Migration Law Blog Series (MLBS) 12 – Migration visas- Applying for a judicial review – (Part 1)

This is the twelfth in a series of blogs that are focusing on Migration Law.

If you have a migration issue and you are not sure if it you should file or what documents to file, do not delay, please seek legal advice straight away. Do not wait until it is too late.

Nothing here should be taken as legal advice or a substitute for speaking to a lawyer from our office if you have any questions on 08 63238613. Unsure of what stage your matter is at, or what to do next? A solicitor form Kean Legal Barristers & Solicitors is ready to help.

By Mr Anthony J Aristei

Earlier blogs on this subject have referred to applications for ‘judicial review’. We will go into detail of what exactly ‘judicial review’ is in this blog.

What is judicial review?

The principles of judicial review apply in the Administrative Appeals Tribunal (‘AAT’), to the Federal Circuit Court (‘FCC’) and to the High Court of Australia (although to a varying extent).

The ‘beating heart’ of the various grounds for judicial review is the detection of a ‘jurisdictional error’.

Broadly speaking, this type of error occurs when the Federal Court or Administrative Tribunal –

  1. fails to exercise its authority or power given to it under the Migration Act; or
  1. exceeds that authority or power

– see MIMA v Yusuf (2001) 206 CLR 323.

A number of the cases in this area of law have attempted to summarise the different grounds of jurisdictional error.

For example, the following grounds have been referred to:

  1. Identifying a wrong issue of law;
  1. Asking the wrong question of law or fact to be applied;
  1. Ignoring relevant material (when determining the case); and
  1. Relying upon irrelevant material.

From time to time, other grounds of judicial review are also referred to, such as:

  • denying procedural fairness to the applicant (sometimes known as ‘natural justice’); and
  • Acting unreasonably (i.e. by the decision which has been reached).

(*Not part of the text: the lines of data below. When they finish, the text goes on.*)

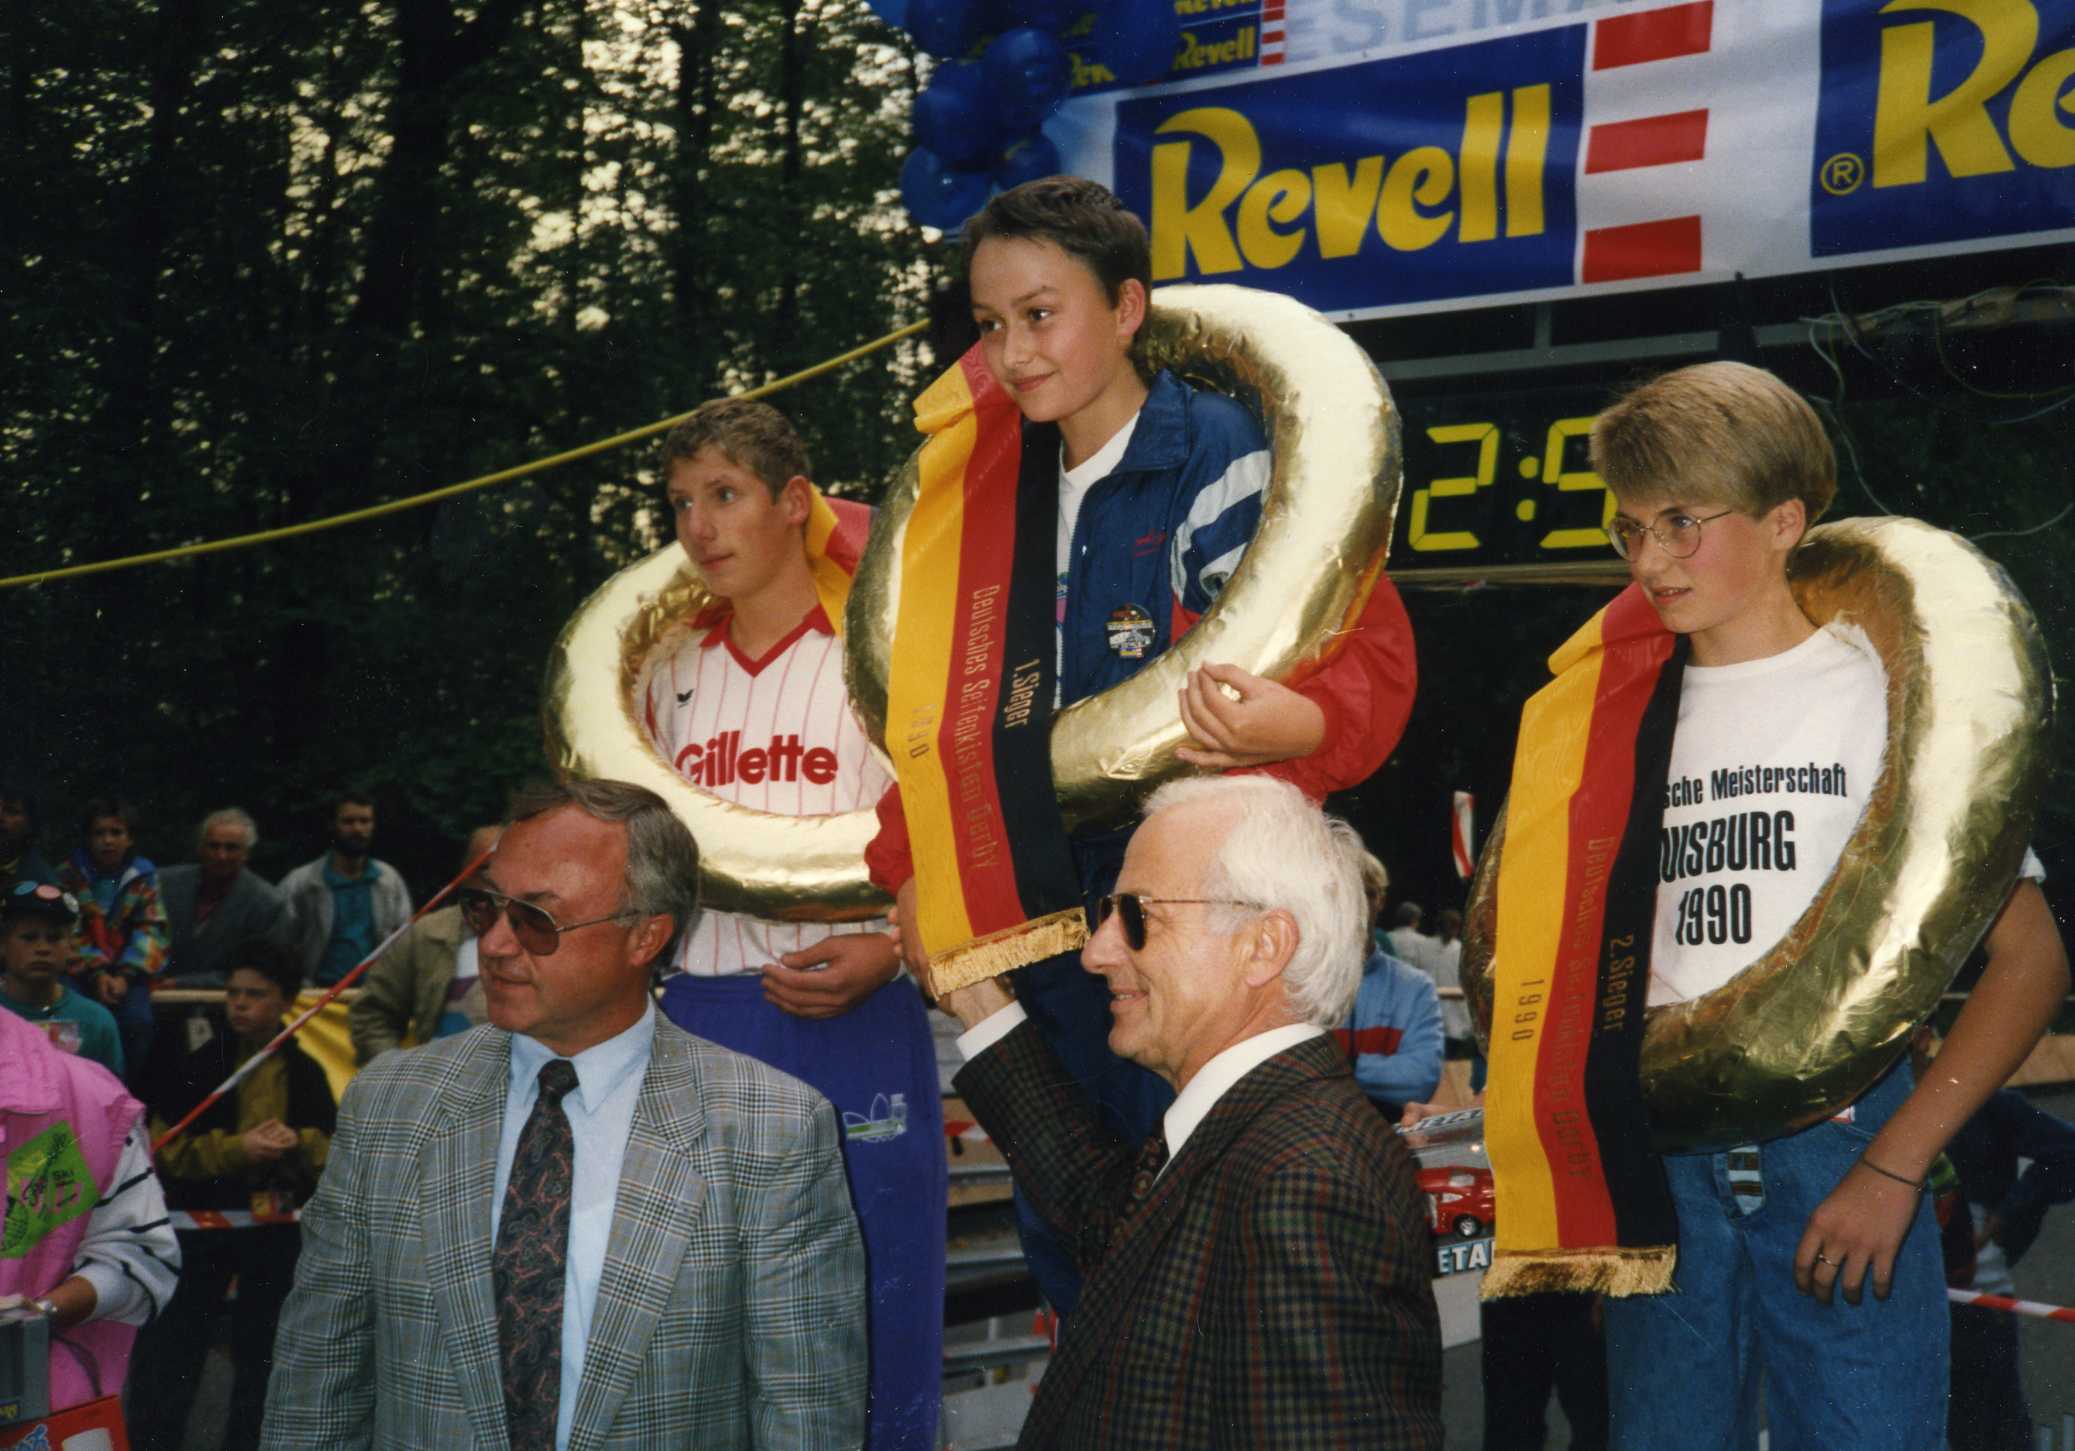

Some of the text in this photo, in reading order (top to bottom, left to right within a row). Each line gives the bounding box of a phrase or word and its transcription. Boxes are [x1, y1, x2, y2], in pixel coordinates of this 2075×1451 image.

[1173, 27, 1255, 70] Revell
[1151, 83, 1551, 282] Revell
[963, 584, 1001, 676] Deutsches
[675, 730, 839, 787] Gillette
[1711, 762, 1848, 801] Meisterschaft
[1659, 810, 1797, 883] UISBURG
[1675, 883, 1753, 946] 1990
[1512, 978, 1545, 1041] 1990
[1437, 1240, 1496, 1275] ETA
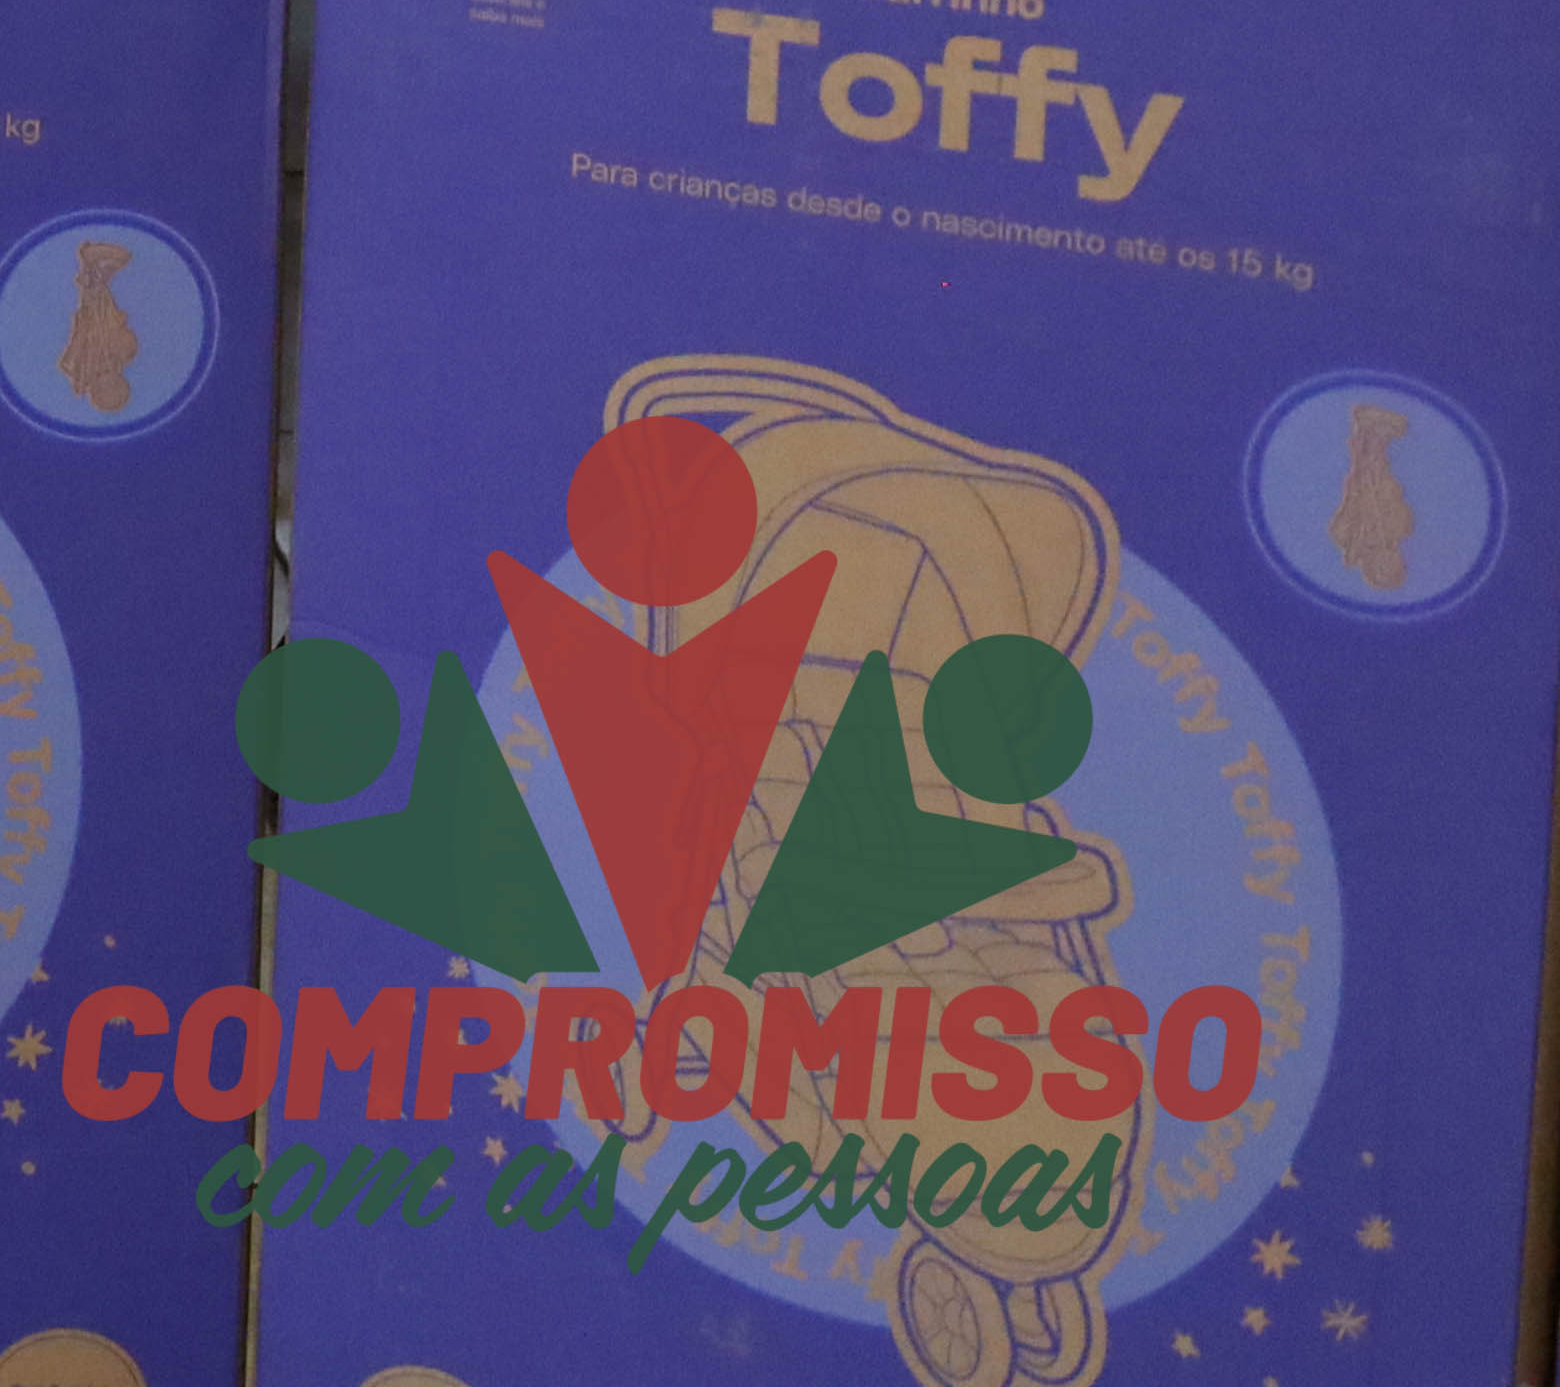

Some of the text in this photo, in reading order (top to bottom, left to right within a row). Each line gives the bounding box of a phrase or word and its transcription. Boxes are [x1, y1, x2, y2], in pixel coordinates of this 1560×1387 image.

[3, 111, 42, 147] kg
[710, 5, 1186, 204] Toffy
[570, 151, 1316, 292] Para crianças desde o nascimento até os 15 kg
[1111, 589, 1232, 739] Toffy
[1220, 740, 1306, 904] Toffy
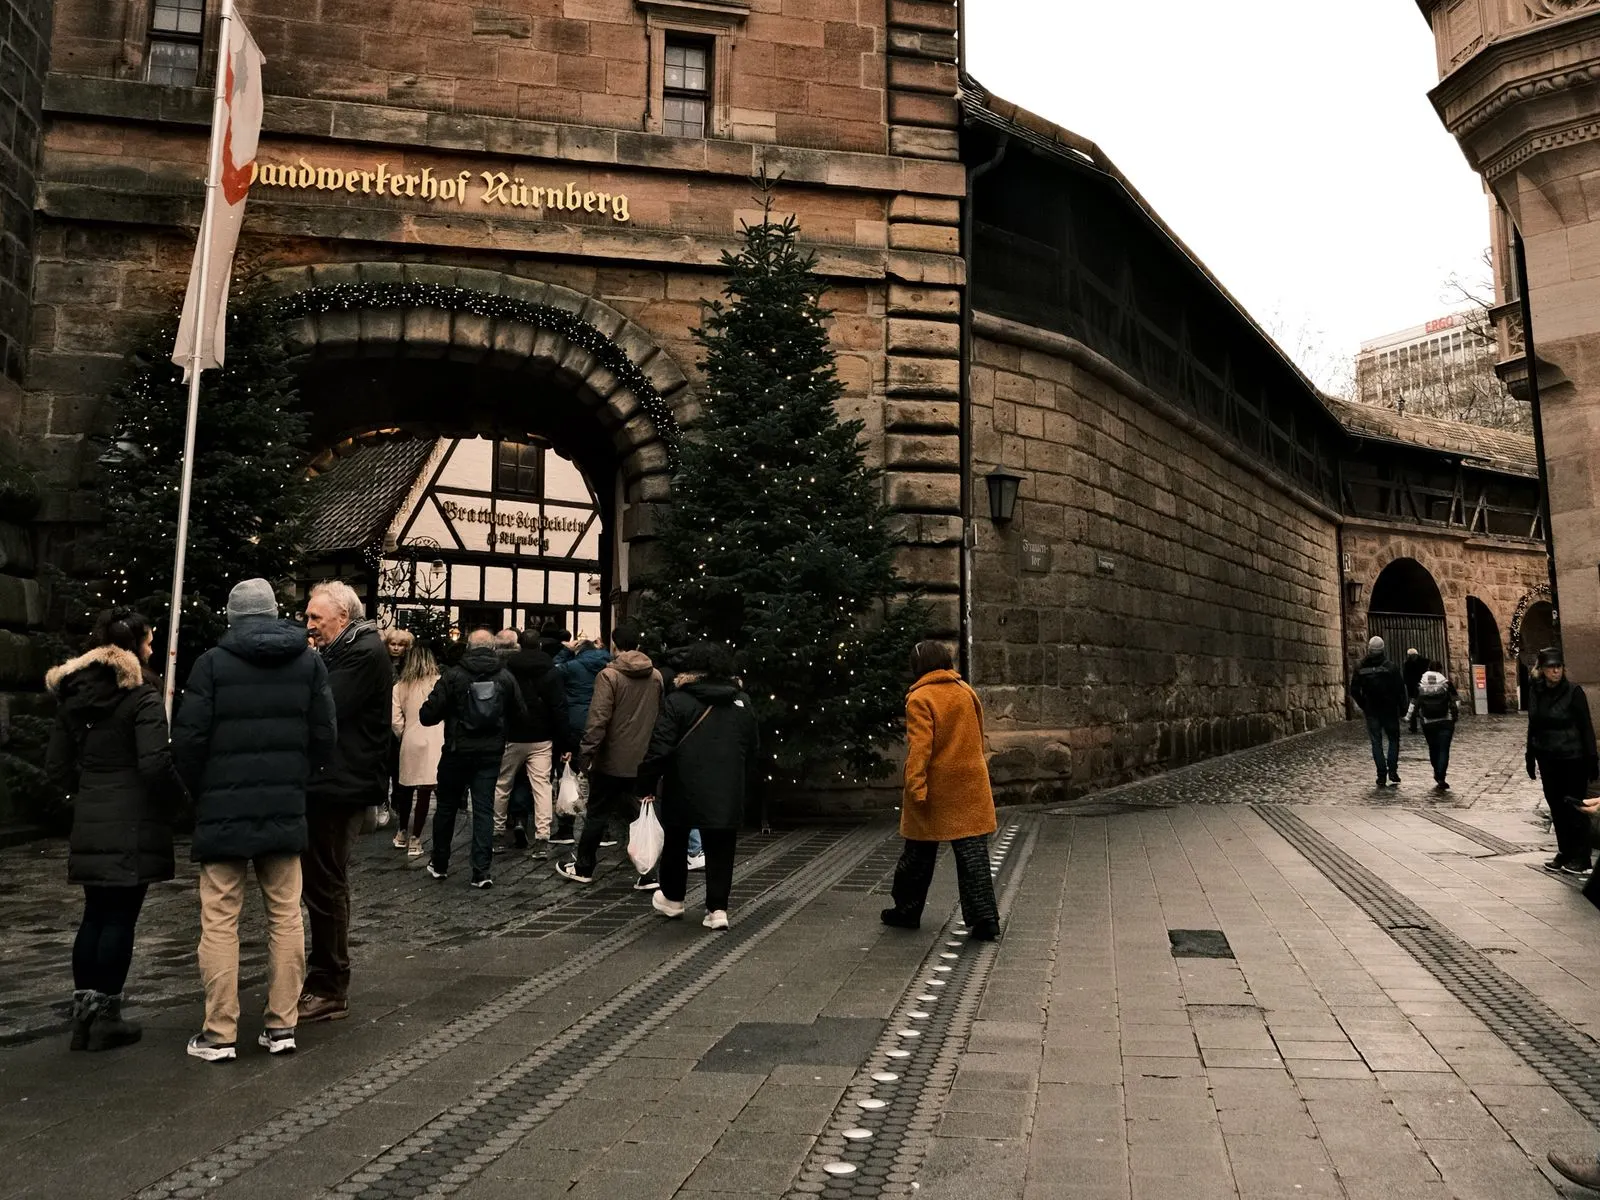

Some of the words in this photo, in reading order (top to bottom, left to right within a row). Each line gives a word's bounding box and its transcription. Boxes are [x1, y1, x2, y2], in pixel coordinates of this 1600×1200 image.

[250, 157, 472, 205] andwerkerhof
[480, 170, 630, 221] Nürnberg
[1425, 315, 1453, 334] ERGO

This means that a visa applicant has no prospect of success in either a review or appeal before one of the Federal Courts or Administrative Tribunals unless they can identify the previous decision maker’s decision has made one of the errors described above.

If an error has been made by the original decision maker then the resulting decision they have made is considered a nullity. The decision to refuse to grant a visa will be treated as if it had never been made in the first place.

If I can show a jurisdictional error, does this mean my visa is granted?

The short answer is that there is no short answer.  

The long answer is that this is a complicated question and the starting point is what ground of judicial error is being relied on. Following this the remedy sought will arise from what error has been made. 

It is the grounds for judicial review which provide the basis for a successful Court order or remedy.  These remedies have historically been known as ‘prerogative writs’. (They are also discussed in our blogs relating to ‘remedies’). Please read our other blog in relation to ‘remedies’. 

The issuing of a prerogative writ enables that erroneous decision to be quashed. The visa application can then be properly re-determined according to law.

Whether a jurisdictional error has been made by either:

  • the Department of Home Affairs Immigration and Citizenship (“Migration Department”);
  • the Administrative Appeals Tribunal (“AAT”); or
  • a Federal Court,

the resulting decision may be still be treated as a nullity in the manner noted.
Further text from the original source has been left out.